The Romantic Movement has been described as an artistic and intellectual response to the strict discipline and philosophy of the Enlightenment period. Its character, typically, has been expressed in feelings, sentimentality and unrequited love; not reason, technology, fashion or architecture.
This made me wonder if there would ever have been a Romantic Movement without the Industrial Revolution and all the evils that came with it. I use the word evil not with a satanic connotation, but more loosely to indicate the negative side-effects of progress and prosperity, much of which we are enjoying today.
The Industrial Revolution stood for inventions, technology, industry-building, trade, travel and the growth of cities. It brought to us goods – and even services, like banking – which made life better for us, easier for us, safer for us. Life advanced; a new civilisation was built. Yet, this advance isolated us from nature and the natural world. It took us away from the purity and simplicity of a good and happy life.

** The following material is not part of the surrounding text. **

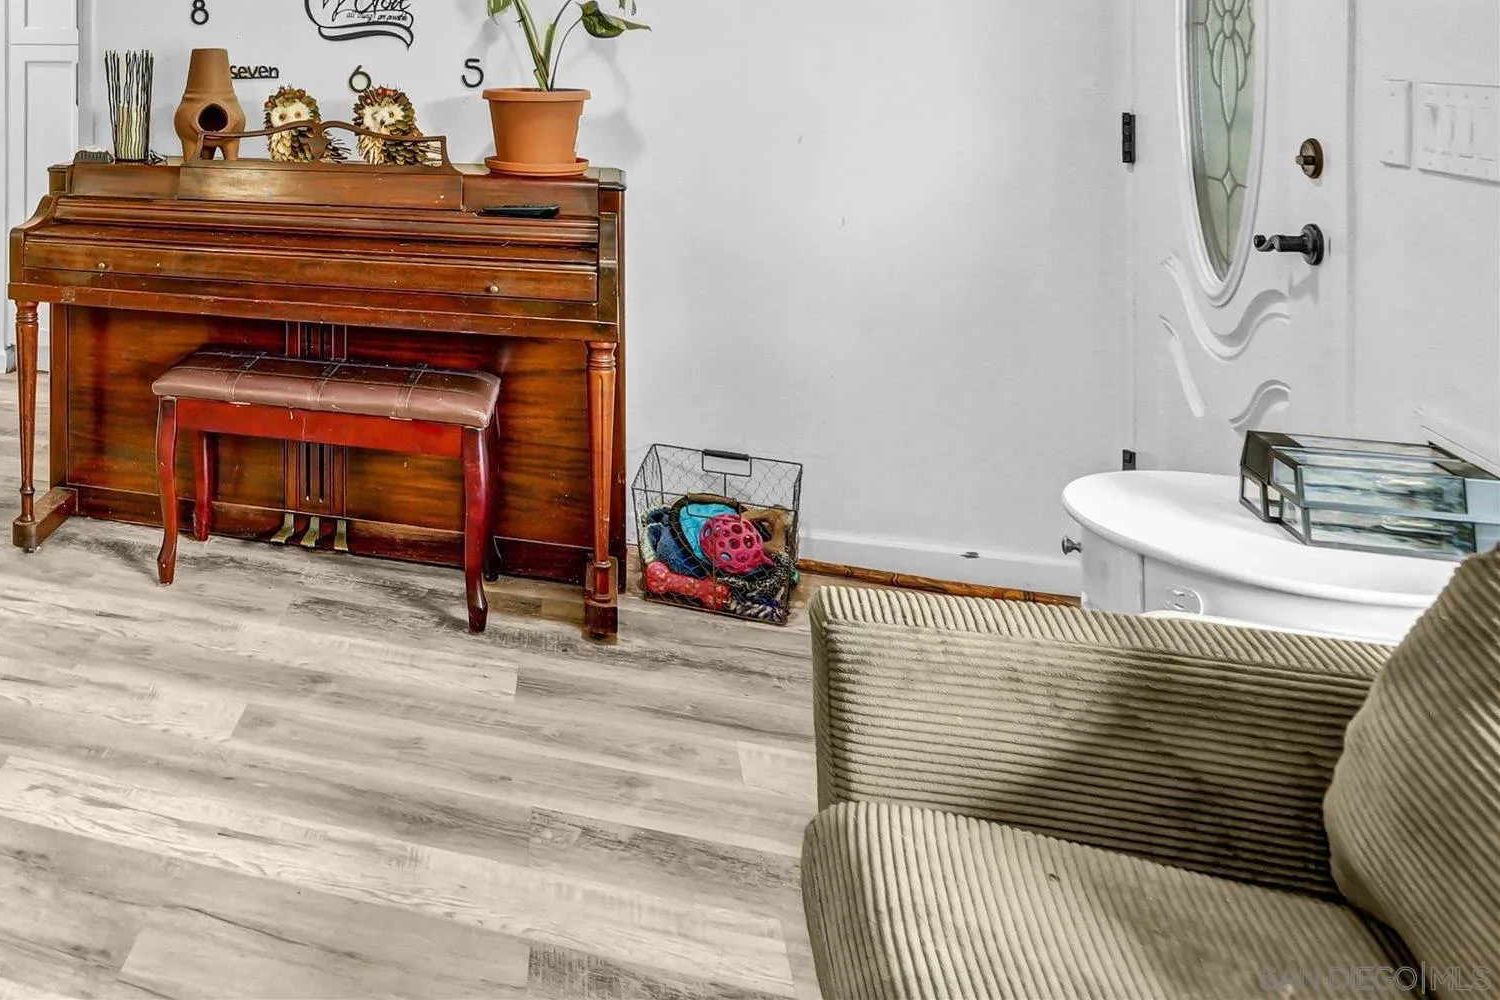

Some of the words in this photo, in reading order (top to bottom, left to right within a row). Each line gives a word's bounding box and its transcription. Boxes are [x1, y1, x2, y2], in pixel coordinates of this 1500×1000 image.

Perhaps we, or some of us, felt threatened by this change in our lives – threatened by this loss of connection or attachment with nature. And, perhaps, this loss was grief enough for us to turn to nature and its expression in poetry, literature, music and art. Perhaps, it was this collective grief which really created the Romantic Movement – and not mere feelings, sentimentality and unrequited love which is what is typically attributed to it.
Perhaps, the Romantic Movement was just a response to those values which were lacking in our lives – and in our society – at that period of time. And, perhaps, it was the Romantic Movement which made life more enduring for us.